→ **Work to be completed**: Each line from the one with "Some of the text" through the last line below must be written out exactly. Do not copy pictures.

★ ★ ★ ★

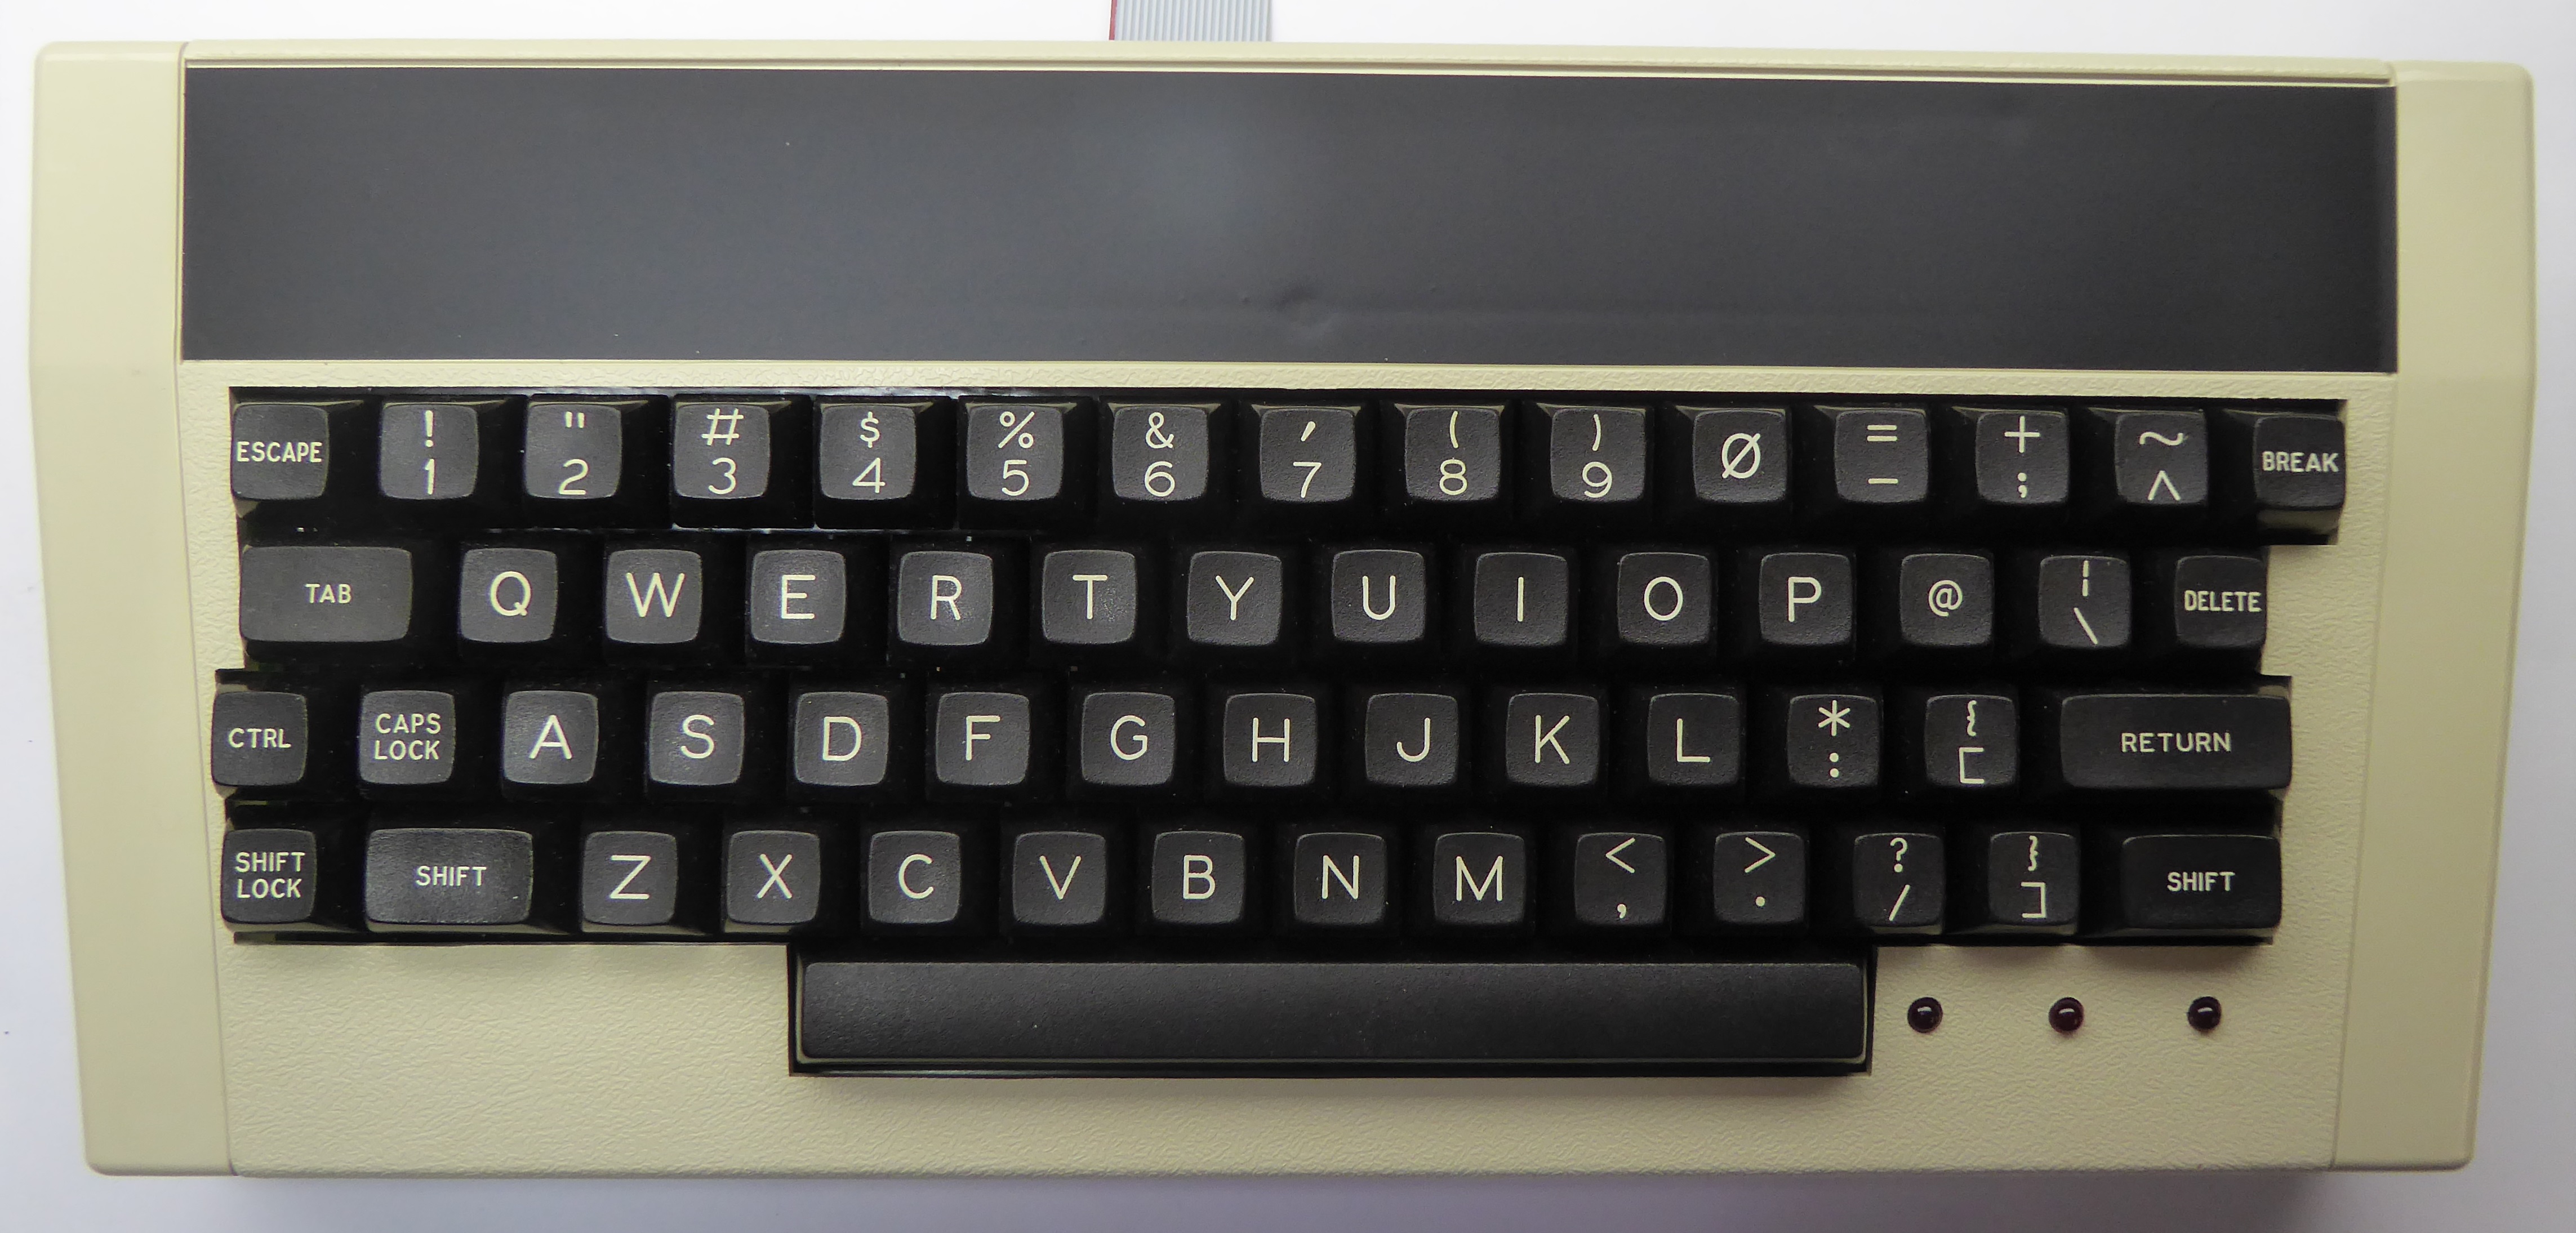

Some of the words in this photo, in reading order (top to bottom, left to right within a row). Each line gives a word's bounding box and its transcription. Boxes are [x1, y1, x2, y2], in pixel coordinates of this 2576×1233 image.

[424, 410, 434, 447] !
[701, 408, 744, 446] #
[860, 411, 880, 448] $
[998, 411, 1035, 448] %
[1145, 412, 1174, 449] &
[1448, 409, 1460, 449] (
[1592, 413, 1601, 451] )
[1867, 425, 1898, 442] =
[2004, 415, 2040, 453] +
[2139, 431, 2184, 446] ~
[237, 441, 322, 463] ESCAPE
[2262, 451, 2339, 473] BREAK
[424, 459, 435, 495] 1
[558, 459, 588, 495] 2
[708, 457, 736, 495] 3
[852, 457, 886, 493] 4
[1002, 459, 1029, 496] 5
[1144, 461, 1175, 497] 6
[1293, 461, 1322, 498] 7
[1439, 459, 1468, 496] 8
[1582, 461, 1613, 498] 9
[2017, 472, 2028, 498] ;
[305, 584, 352, 604] TAB
[490, 571, 531, 616] Q
[626, 572, 685, 617] W
[781, 574, 816, 620] E
[930, 575, 962, 621] R
[1072, 575, 1108, 620] T
[1215, 575, 1254, 621] Y
[1362, 575, 1396, 621] U
[1517, 577, 1524, 622] I
[1644, 576, 1683, 621] O
[1788, 576, 1822, 622] P
[1928, 580, 1963, 617] @
[2184, 590, 2262, 612] DELETE
[2074, 607, 2098, 644] \
[228, 728, 291, 749] CTRL
[376, 713, 441, 734] CAPS
[528, 715, 572, 759] A
[680, 714, 714, 759] S
[822, 716, 862, 762] D
[966, 715, 1000, 761] F
[1110, 715, 1148, 760] G
[1252, 717, 1290, 762] H
[1396, 717, 1431, 762] J
[1534, 715, 1570, 764] K
[1676, 718, 1711, 763] L
[374, 740, 440, 760] LOCK
[2121, 732, 2231, 753] RETURN
[1829, 753, 1839, 778] :
[1959, 747, 1985, 785] [
[235, 852, 305, 873] SHIFT
[1605, 837, 1635, 874] <
[1744, 836, 1776, 873] >
[1890, 837, 1908, 873] ?
[237, 878, 302, 898] LOCK
[416, 865, 487, 887] SHIFT
[609, 854, 651, 900] Z
[757, 853, 793, 899] X
[898, 854, 934, 899] C
[1039, 855, 1082, 900] V
[1182, 854, 1216, 900] B
[1322, 855, 1359, 900] N
[1456, 856, 1503, 901] M
[2167, 871, 2235, 892] SHIFT
[1617, 903, 1627, 919] ,
[1755, 896, 1765, 907] .
[1888, 884, 1910, 922] /
[2021, 882, 2046, 919] ]
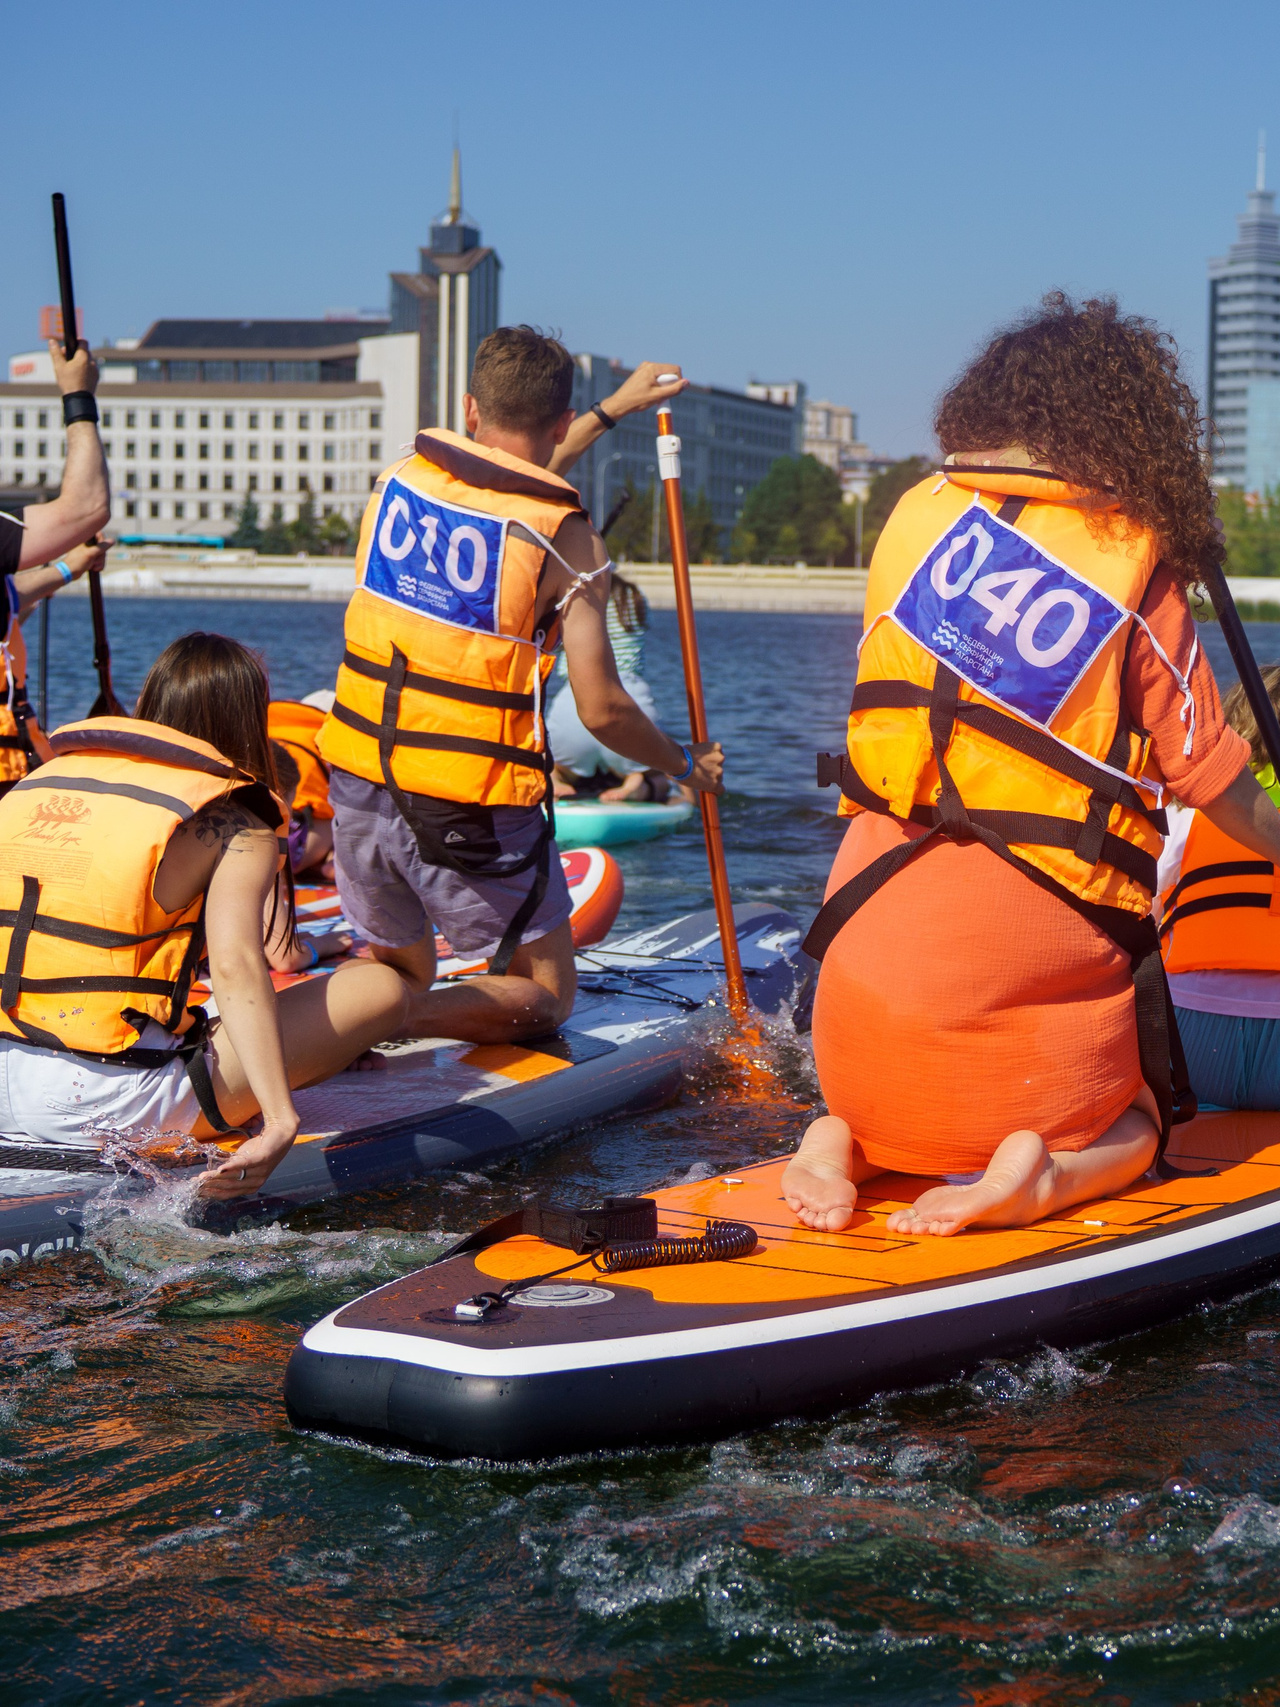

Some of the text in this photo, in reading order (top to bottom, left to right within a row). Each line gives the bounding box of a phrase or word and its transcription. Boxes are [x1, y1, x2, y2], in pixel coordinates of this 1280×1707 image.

[378, 494, 488, 593] 010
[418, 580, 454, 597] ФЕДЕРАЦИЯ
[930, 522, 1091, 668] 040
[954, 648, 995, 679] ТАТАРСТАНА
[958, 641, 994, 669] СЕРФИНГА
[962, 634, 1004, 666] ФЕДЕРАЦИЯ
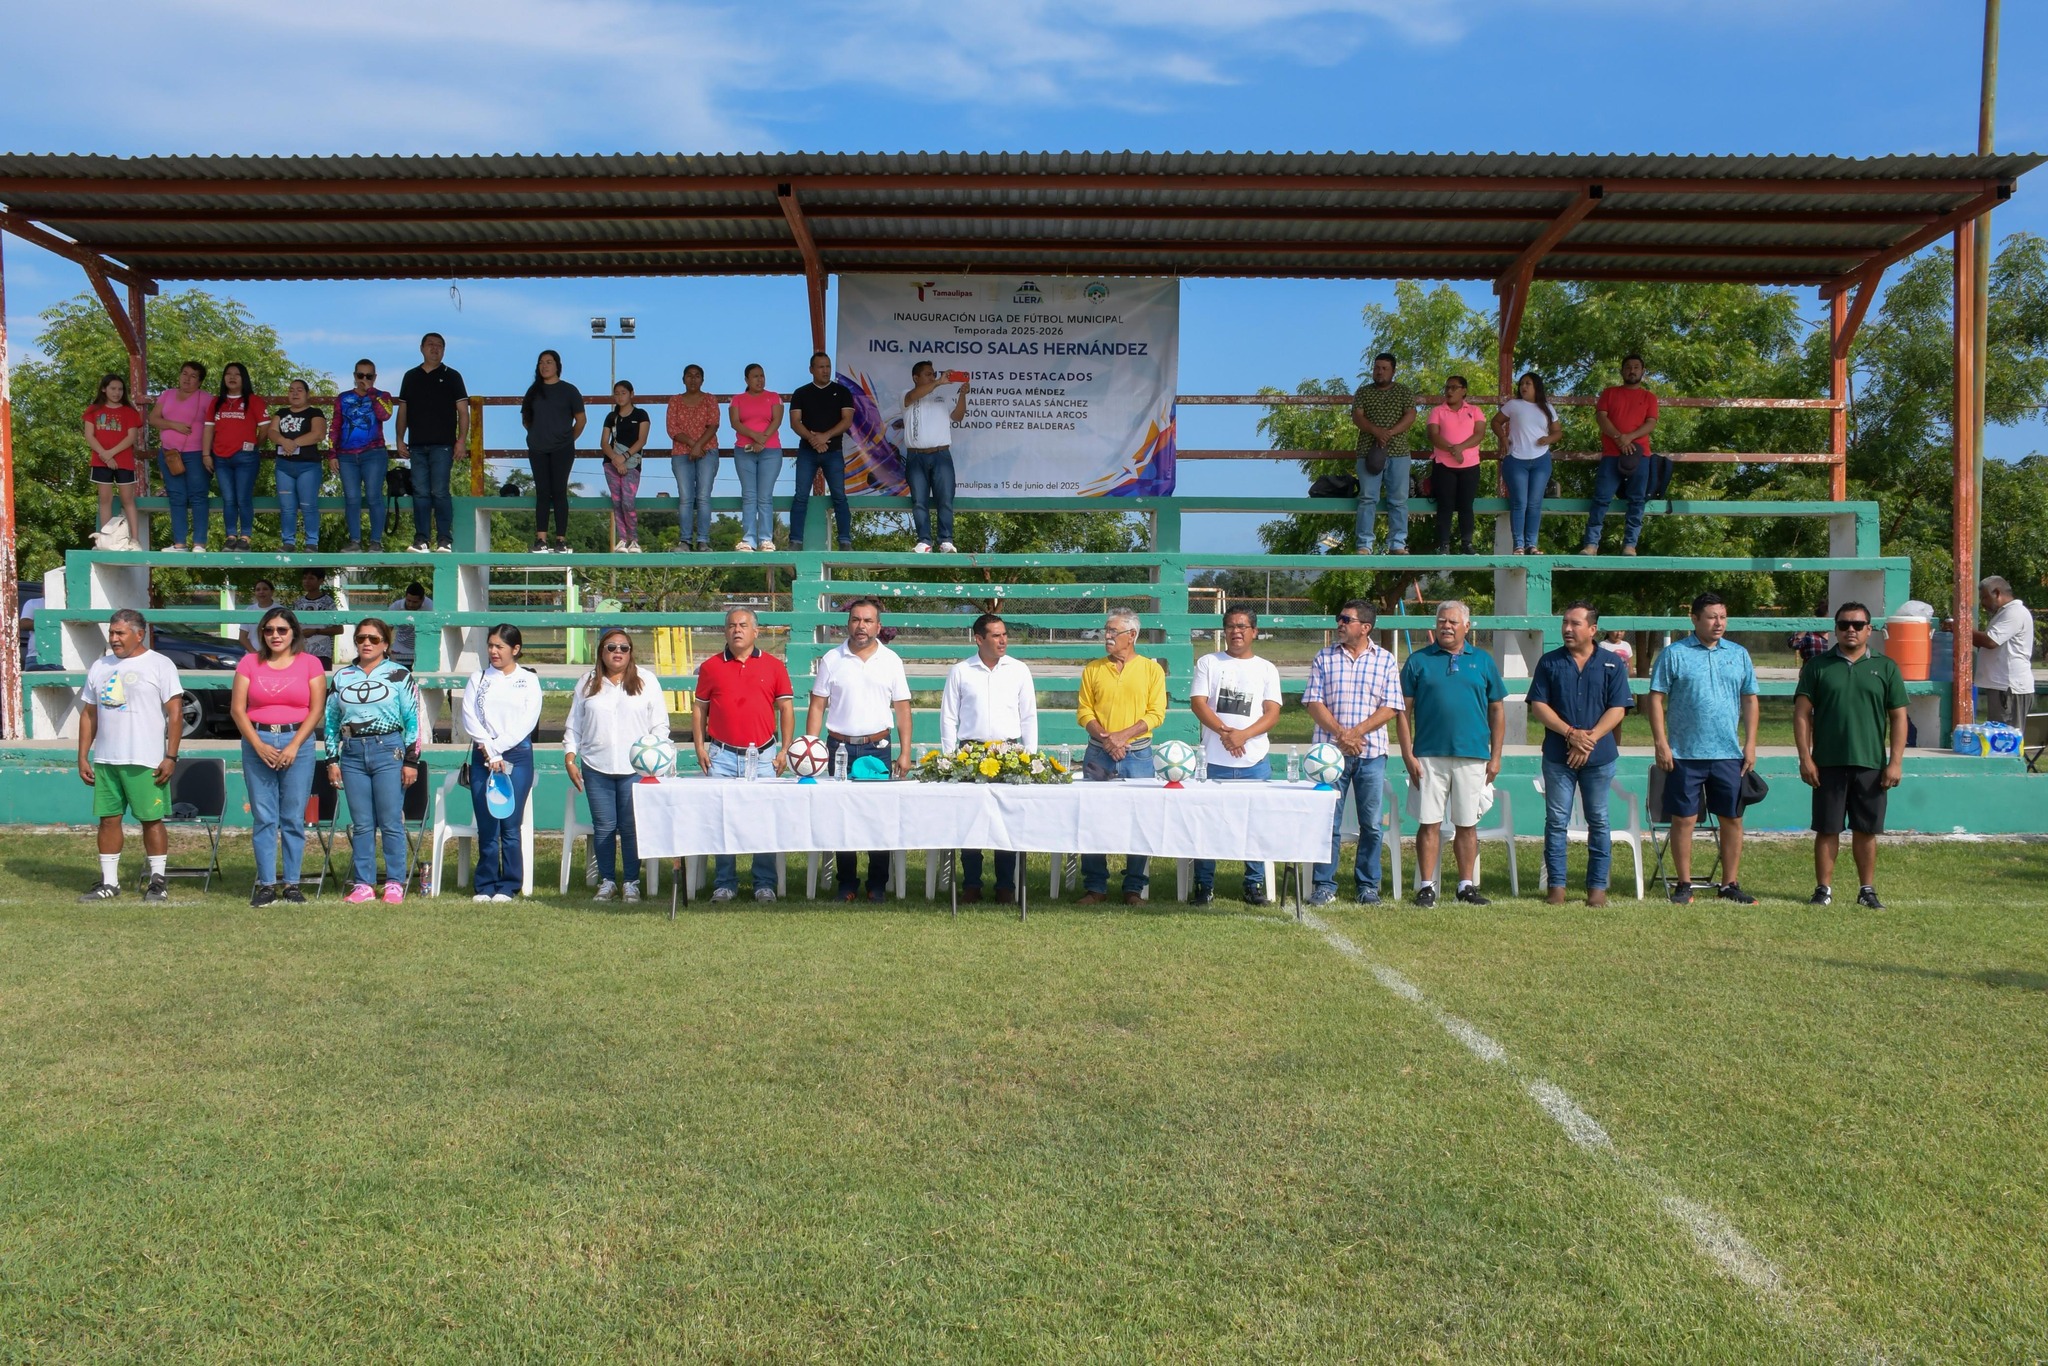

★ ★ ★ ★

→ **Expected answer**:
Some of the text in this photo, in reading order (top to bottom, left to right within a row). Each line gives the bounding box of a phrase or word and its transcription. Boxes are [x1, y1, x2, y2], in pixel coordinates of this 1280×1707 image.

[378, 494, 488, 593] 010
[418, 580, 454, 597] ФЕДЕРАЦИЯ
[930, 522, 1091, 668] 040
[954, 648, 995, 679] ТАТАРСТАНА
[958, 641, 994, 669] СЕРФИНГА
[962, 634, 1004, 666] ФЕДЕРАЦИЯ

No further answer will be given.